- GOAL OF THE EXERCISE -
Leave out the images and set down the records below exactly.

+++ MATERIAL FOR THIS EXERCISE

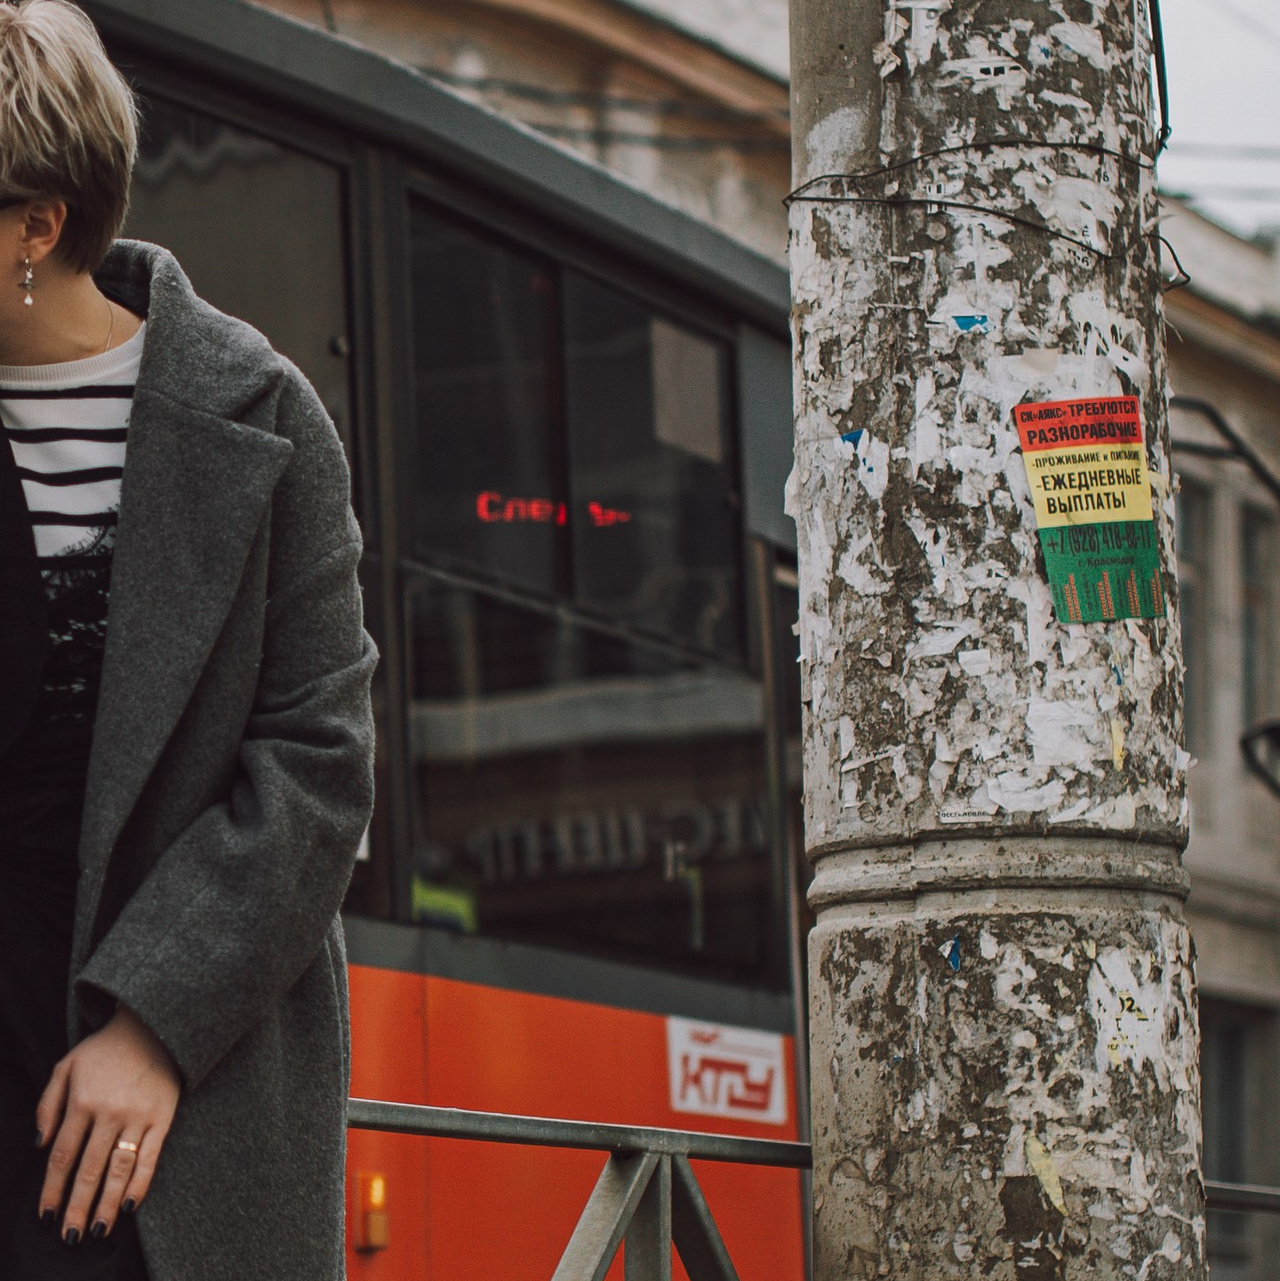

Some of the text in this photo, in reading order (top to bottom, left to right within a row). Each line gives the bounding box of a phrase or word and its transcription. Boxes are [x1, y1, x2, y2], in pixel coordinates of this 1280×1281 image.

[1068, 400, 1137, 418] ТРЕБУЮТСЯ
[1027, 421, 1138, 446] РАЗНОРАБОЧИЕ
[1046, 491, 1127, 515] ВЫПЛАТЫ
[1047, 528, 1065, 555] +7
[1068, 525, 1101, 556] (928)
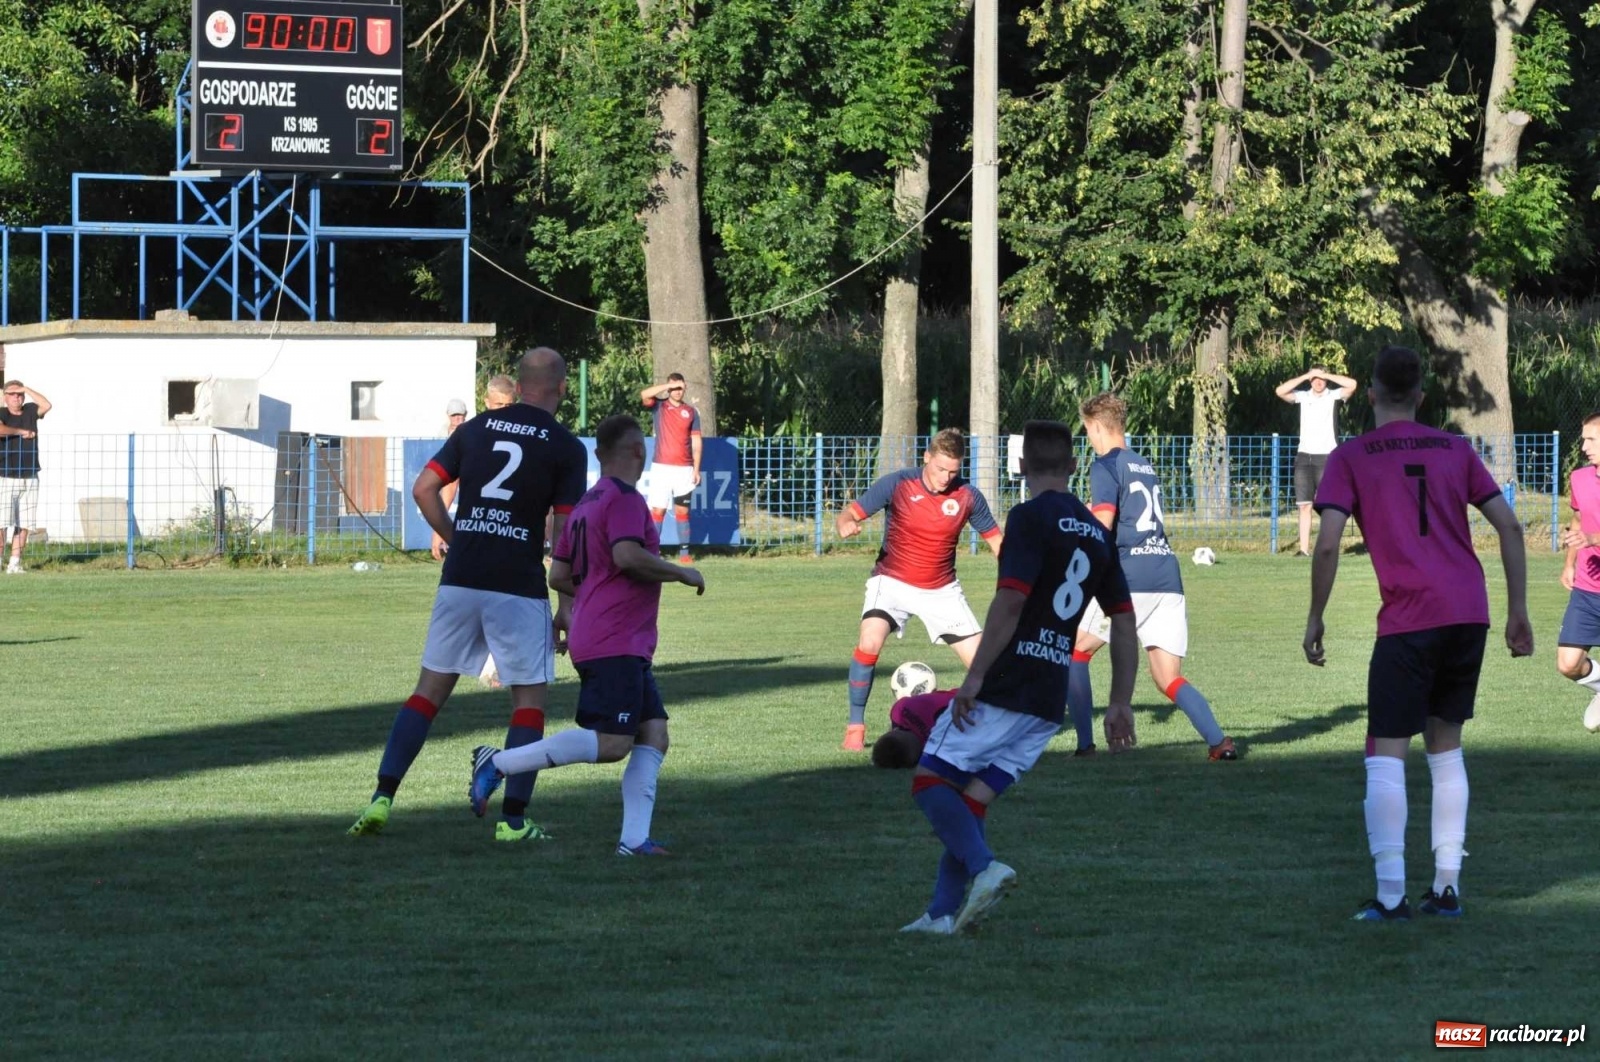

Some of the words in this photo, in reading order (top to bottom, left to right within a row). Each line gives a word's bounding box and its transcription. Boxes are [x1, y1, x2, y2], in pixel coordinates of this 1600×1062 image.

++++++

- TASK RESULT -
Some of the text in this photo, in reading order (top to bottom, left to right within a row). Each line gives the bounding box of a phrase or word and its transcription. Boxes are [x1, y1, x2, y2], in pixel coordinates of this 1280×1281 image.

[1068, 400, 1137, 418] ТРЕБУЮТСЯ
[1027, 421, 1138, 446] РАЗНОРАБОЧИЕ
[1046, 491, 1127, 515] ВЫПЛАТЫ
[1047, 528, 1065, 555] +7
[1068, 525, 1101, 556] (928)

Some of the words in this photo, in reading order (top to bottom, left to right within a row). Each line gives a word's bounding box and its transcription. Boxes are [x1, y1, x2, y2], in pixel coordinates of this 1600×1062 image.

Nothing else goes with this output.